---------- THE DATA ----------

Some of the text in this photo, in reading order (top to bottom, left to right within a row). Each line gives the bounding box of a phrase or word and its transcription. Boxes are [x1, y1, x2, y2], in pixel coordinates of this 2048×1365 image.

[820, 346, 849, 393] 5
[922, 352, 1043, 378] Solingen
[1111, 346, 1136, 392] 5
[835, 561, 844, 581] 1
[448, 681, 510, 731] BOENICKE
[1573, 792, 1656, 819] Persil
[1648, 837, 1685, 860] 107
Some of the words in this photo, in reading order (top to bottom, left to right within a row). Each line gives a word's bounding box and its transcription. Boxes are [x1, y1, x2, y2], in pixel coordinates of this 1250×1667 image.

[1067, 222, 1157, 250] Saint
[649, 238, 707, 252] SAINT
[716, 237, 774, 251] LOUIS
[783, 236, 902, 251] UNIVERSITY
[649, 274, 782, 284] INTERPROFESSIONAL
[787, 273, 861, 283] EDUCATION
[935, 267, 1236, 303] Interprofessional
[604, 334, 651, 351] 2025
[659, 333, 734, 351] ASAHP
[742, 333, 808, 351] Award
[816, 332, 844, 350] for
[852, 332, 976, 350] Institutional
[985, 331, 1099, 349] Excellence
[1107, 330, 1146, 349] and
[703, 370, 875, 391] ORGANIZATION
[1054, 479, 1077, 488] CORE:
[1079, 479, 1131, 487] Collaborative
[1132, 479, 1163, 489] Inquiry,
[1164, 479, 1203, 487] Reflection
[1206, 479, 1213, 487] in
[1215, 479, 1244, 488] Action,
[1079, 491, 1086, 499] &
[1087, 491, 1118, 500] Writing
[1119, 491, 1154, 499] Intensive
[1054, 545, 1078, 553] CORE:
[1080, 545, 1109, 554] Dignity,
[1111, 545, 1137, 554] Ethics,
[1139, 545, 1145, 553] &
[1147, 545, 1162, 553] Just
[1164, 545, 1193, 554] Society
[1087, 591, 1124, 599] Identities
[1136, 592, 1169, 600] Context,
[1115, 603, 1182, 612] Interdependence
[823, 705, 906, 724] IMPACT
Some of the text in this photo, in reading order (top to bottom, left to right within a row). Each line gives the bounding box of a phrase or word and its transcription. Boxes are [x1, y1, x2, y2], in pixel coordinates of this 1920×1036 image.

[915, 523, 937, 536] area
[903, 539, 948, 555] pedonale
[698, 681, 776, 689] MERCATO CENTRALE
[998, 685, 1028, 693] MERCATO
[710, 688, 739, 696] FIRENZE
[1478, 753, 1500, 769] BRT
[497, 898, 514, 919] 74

----------

§ WHAT TO DO
The records shown above are to be copied exactly, every one of them.

§ SOLUTION TO THE PROBLEM
Some of the text in this photo, in reading order (top to bottom, left to right within a row). Each line gives the bounding box of a phrase or word and its transcription. Boxes are [x1, y1, x2, y2], in pixel coordinates of this 2048×1365 image.

[820, 346, 849, 393] 5
[922, 352, 1043, 378] Solingen
[1111, 346, 1136, 392] 5
[835, 561, 844, 581] 1
[448, 681, 510, 731] BOENICKE
[1573, 792, 1656, 819] Persil
[1648, 837, 1685, 860] 107
Some of the words in this photo, in reading order (top to bottom, left to right within a row). Each line gives a word's bounding box and its transcription. Boxes are [x1, y1, x2, y2], in pixel coordinates of this 1250×1667 image.

[1067, 222, 1157, 250] Saint
[649, 238, 707, 252] SAINT
[716, 237, 774, 251] LOUIS
[783, 236, 902, 251] UNIVERSITY
[649, 274, 782, 284] INTERPROFESSIONAL
[787, 273, 861, 283] EDUCATION
[935, 267, 1236, 303] Interprofessional
[604, 334, 651, 351] 2025
[659, 333, 734, 351] ASAHP
[742, 333, 808, 351] Award
[816, 332, 844, 350] for
[852, 332, 976, 350] Institutional
[985, 331, 1099, 349] Excellence
[1107, 330, 1146, 349] and
[703, 370, 875, 391] ORGANIZATION
[1054, 479, 1077, 488] CORE:
[1079, 479, 1131, 487] Collaborative
[1132, 479, 1163, 489] Inquiry,
[1164, 479, 1203, 487] Reflection
[1206, 479, 1213, 487] in
[1215, 479, 1244, 488] Action,
[1079, 491, 1086, 499] &
[1087, 491, 1118, 500] Writing
[1119, 491, 1154, 499] Intensive
[1054, 545, 1078, 553] CORE:
[1080, 545, 1109, 554] Dignity,
[1111, 545, 1137, 554] Ethics,
[1139, 545, 1145, 553] &
[1147, 545, 1162, 553] Just
[1164, 545, 1193, 554] Society
[1087, 591, 1124, 599] Identities
[1136, 592, 1169, 600] Context,
[1115, 603, 1182, 612] Interdependence
[823, 705, 906, 724] IMPACT
Some of the text in this photo, in reading order (top to bottom, left to right within a row). Each line gives the bounding box of a phrase or word and its transcription. Boxes are [x1, y1, x2, y2], in pixel coordinates of this 1920×1036 image.

[915, 523, 937, 536] area
[903, 539, 948, 555] pedonale
[698, 681, 776, 689] MERCATO CENTRALE
[998, 685, 1028, 693] MERCATO
[710, 688, 739, 696] FIRENZE
[1478, 753, 1500, 769] BRT
[497, 898, 514, 919] 74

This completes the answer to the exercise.